§ EXERCISE REQUIREMENTS:
A faithful copy of the entries is required, with no images in it.

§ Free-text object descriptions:
◇ ◇ ◇ ◇ ◇ ◇ ◇
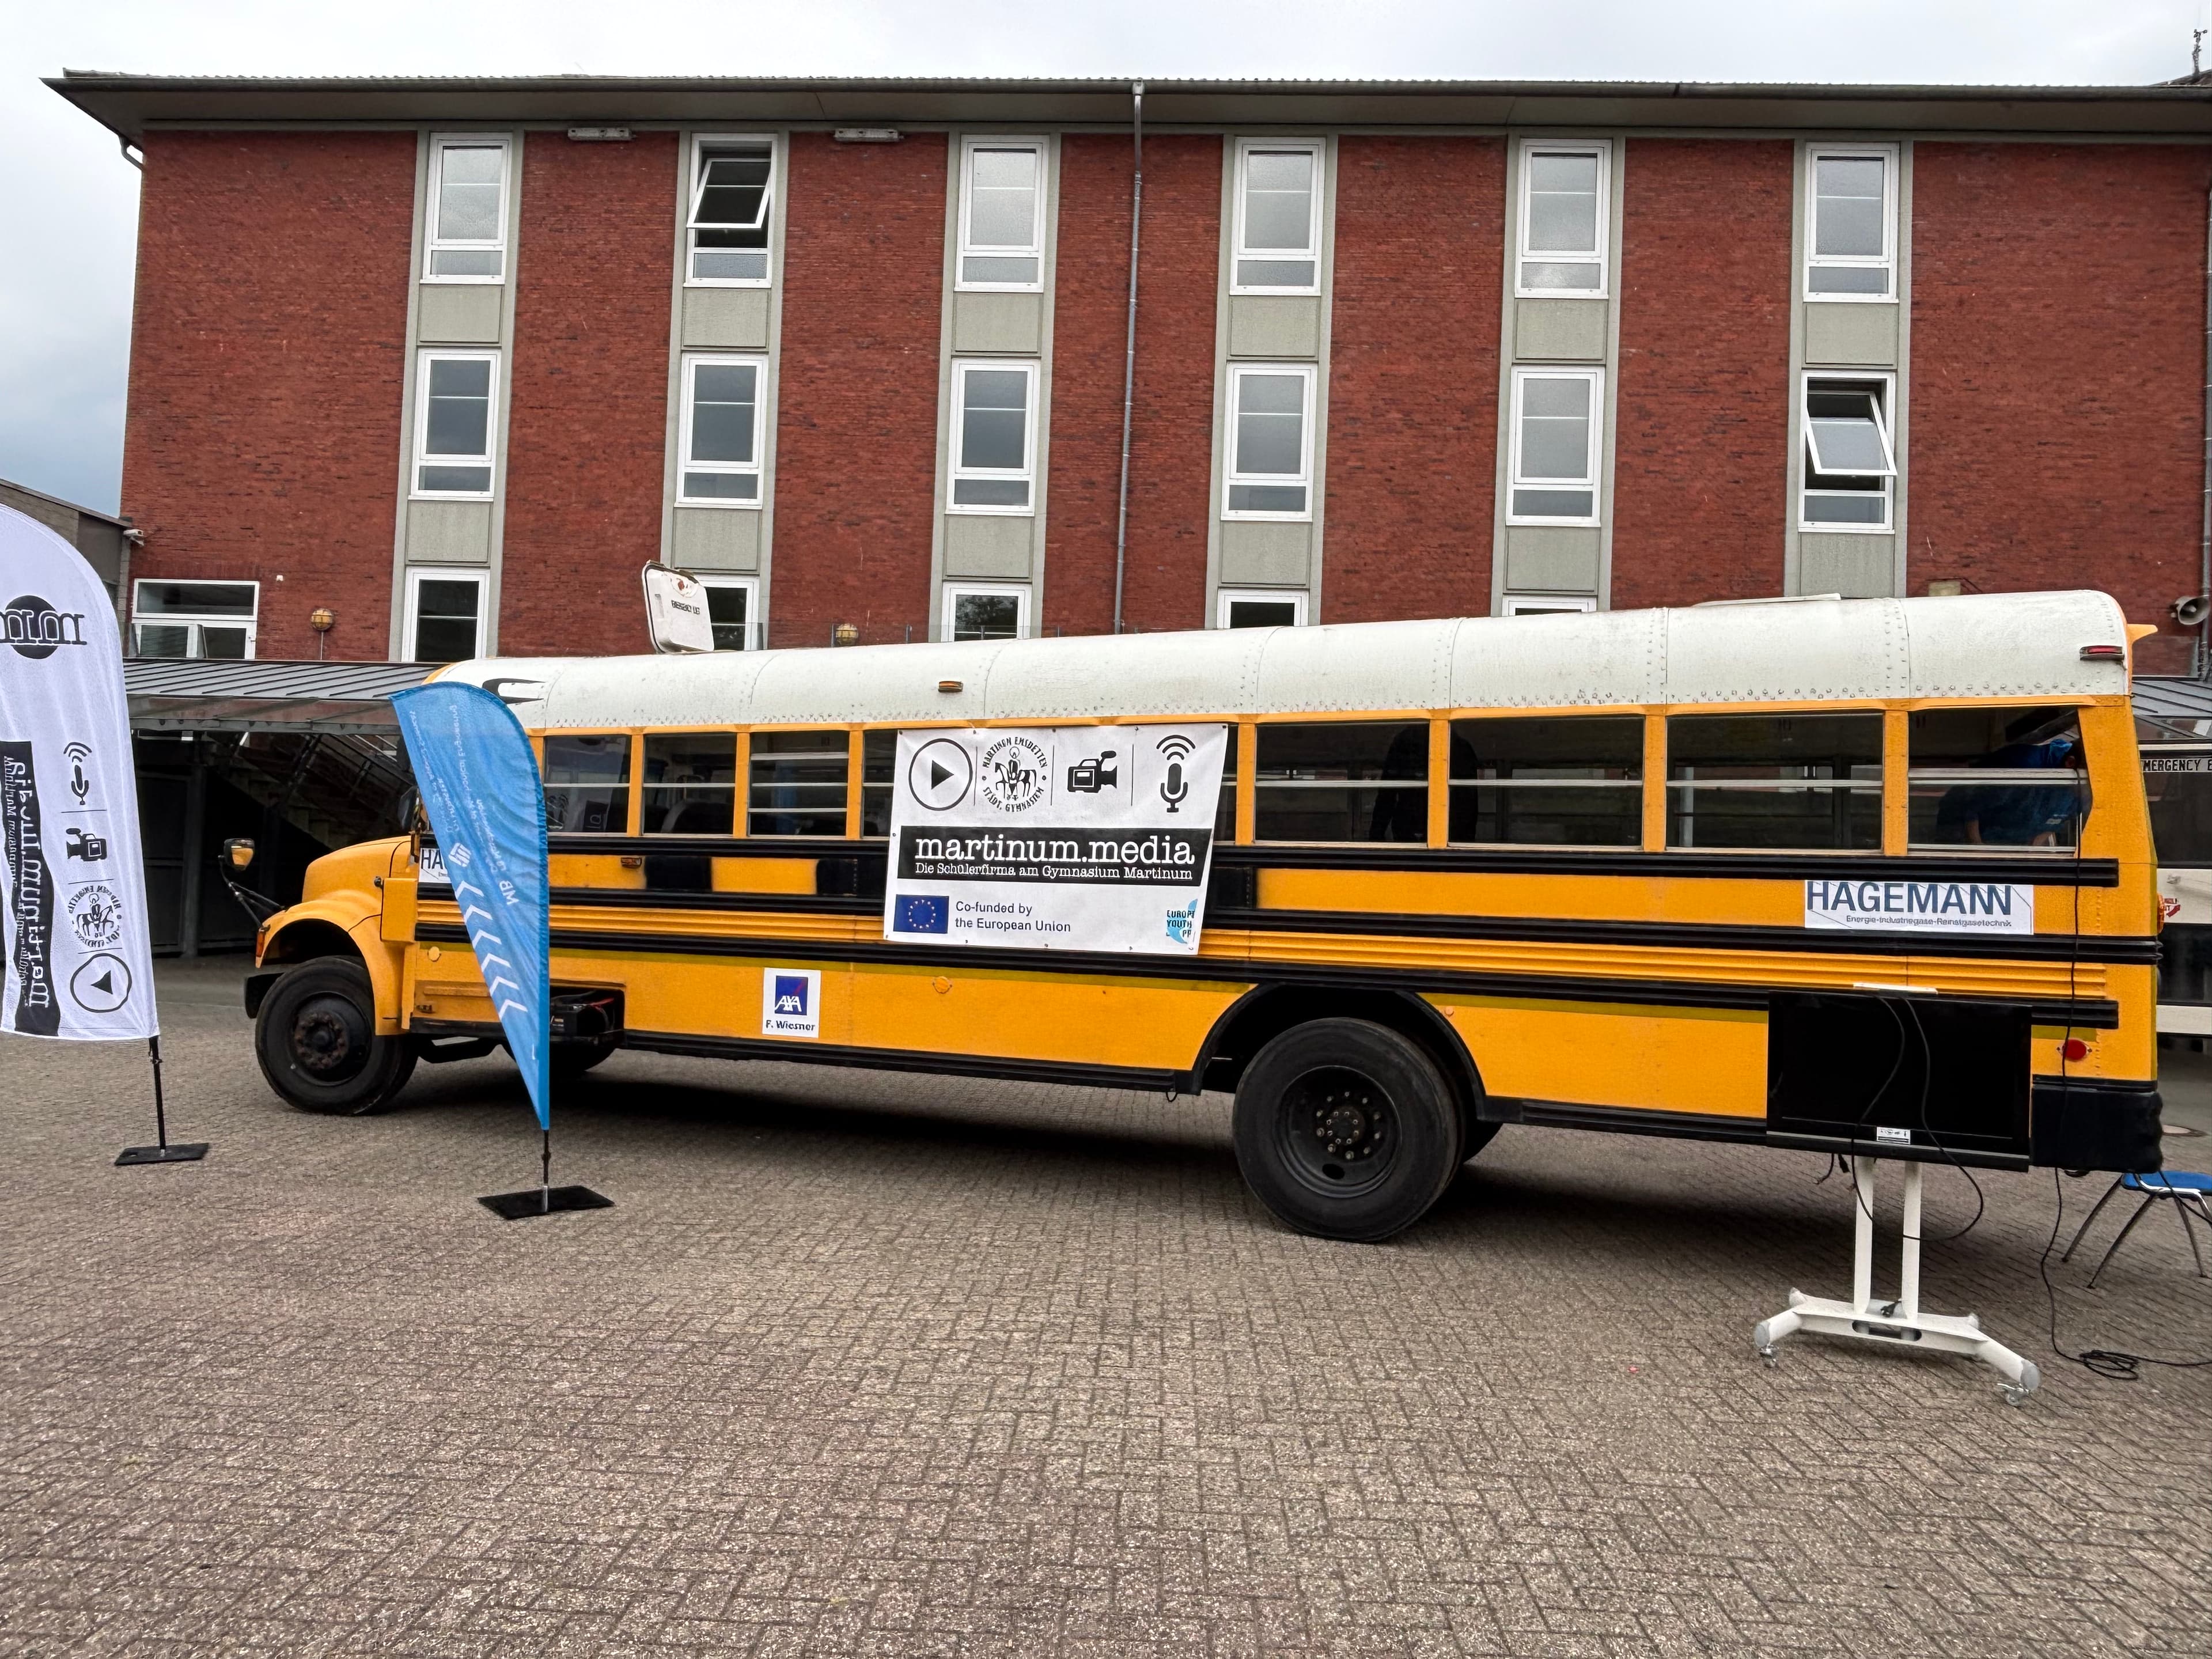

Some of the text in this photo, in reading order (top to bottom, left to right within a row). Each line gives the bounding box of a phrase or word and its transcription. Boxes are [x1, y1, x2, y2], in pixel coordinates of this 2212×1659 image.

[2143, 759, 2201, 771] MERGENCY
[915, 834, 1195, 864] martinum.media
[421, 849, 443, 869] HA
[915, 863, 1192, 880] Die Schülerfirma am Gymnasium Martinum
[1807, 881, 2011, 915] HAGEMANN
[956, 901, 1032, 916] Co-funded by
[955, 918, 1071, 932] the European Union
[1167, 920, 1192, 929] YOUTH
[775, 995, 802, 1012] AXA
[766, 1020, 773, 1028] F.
◇ ◇ ◇ ◇ ◇ ◇ ◇
§ EXERCISE SOLUTION:
Some of the text in this photo, in reading order (top to bottom, left to right within a row). Each line gives the bounding box of a phrase or word and its transcription. Boxes are [x1, y1, x2, y2], in pixel coordinates of this 2212×1659 image.

[2143, 759, 2201, 771] MERGENCY
[915, 834, 1195, 864] martinum.media
[421, 849, 443, 869] HA
[915, 863, 1192, 880] Die Schülerfirma am Gymnasium Martinum
[1807, 881, 2011, 915] HAGEMANN
[956, 901, 1032, 916] Co-funded by
[955, 918, 1071, 932] the European Union
[1167, 920, 1192, 929] YOUTH
[775, 995, 802, 1012] AXA
[766, 1020, 773, 1028] F.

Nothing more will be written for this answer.